Life in a coal pit today is much less eerie than was the case a quarter of a century ago, much less uncomfortable, and decidedly less dangerous. It is, of course, impossible to eliminate danger altogether, and the very efficiency of the management may in some circumstances add to the risks. Human nature is apt to be careless in the presence of known peril, and the knowledge that there exist precautions for minimising risks may occasionally breed that contempt which is the child of familiarity. Speaking generally, however, there is to-day a stronger sense of safety, and less superstition among miners than there used to be. As might be supposed, most of the old superstitions were on the gloomy or fearful side. They took the form of a strong objection to working in the mines on certain days of the year - a feeling probably religious in origin and inherited from Roman Catholic times. A notably "unlucky" day for working is Ascension Day: and a certain mine in South Wales has a tradition of accidents that invariably occurred in the past to those who persisted in working on that festival. We can only hope that the spell has been broken by the long strike, and that the miners will not allow either frivolity or superstition to impede their highly necessary labour.

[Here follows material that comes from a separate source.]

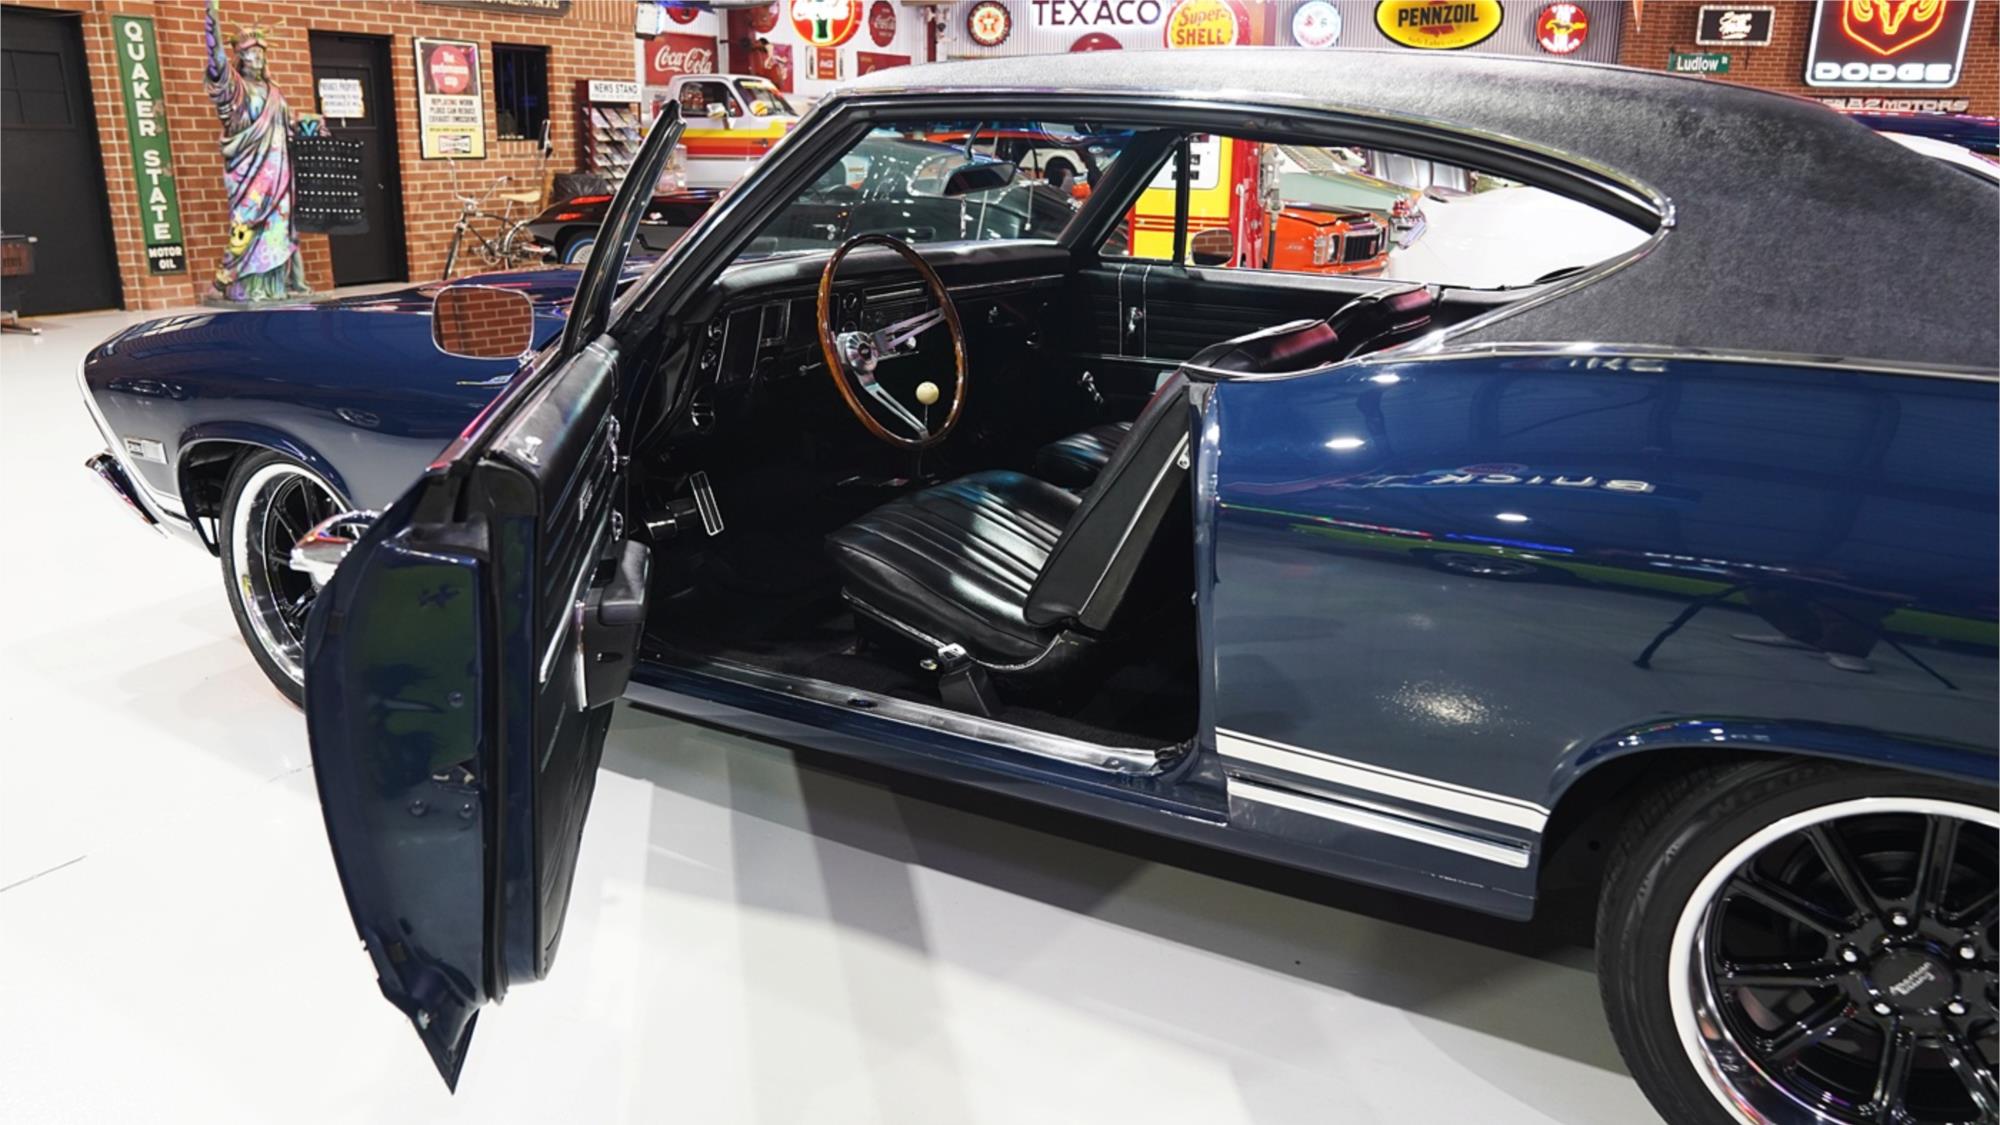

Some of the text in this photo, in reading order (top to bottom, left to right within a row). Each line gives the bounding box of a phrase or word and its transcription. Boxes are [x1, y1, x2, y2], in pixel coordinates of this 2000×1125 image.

 Gloucestershire Echo, 2nd July 1921.

Occult review indeed. Menacing the whole future of the country indeed. Pff.

Tinners' Omens

A Cornishman who works in his native tin or copper mines must never be addressed as a miner, or trouble will promptly ensure. This is because such a designation might cause him to be confounded with other underground workers, colliers in particular, and the clannish Cornishman esteems himself, with or without reason, to be of an altogether higher social standing than "darty coalers". But then the true-bred man from west of the Tamar has no doubt that his race is vastly superior to any outlandish foreigners from up the country, no matter what their rank or dignity may be.

Although the tinner has not the explosive firedamp to dread, yet the deep Cornish mines have their own dangers, no less swift and sudden. Many run out far under the sea, so that the crash of breaking waves thunders incessantly overhead. In very ancient times, the Phoenicians and they that dwelt in Tyre traded with the Celtic folk of Cornwall for tin and copper, then lying near the surface; there were shipping-places on islands round the coast where the metal was brought by the country folk, who jealously guarded the sources of their wealth. St Michael's Mount, the Island of St. Ives, the Chapel Rock at Perranporth, and even lordly Tintagel itself, were among the most notable of these stations.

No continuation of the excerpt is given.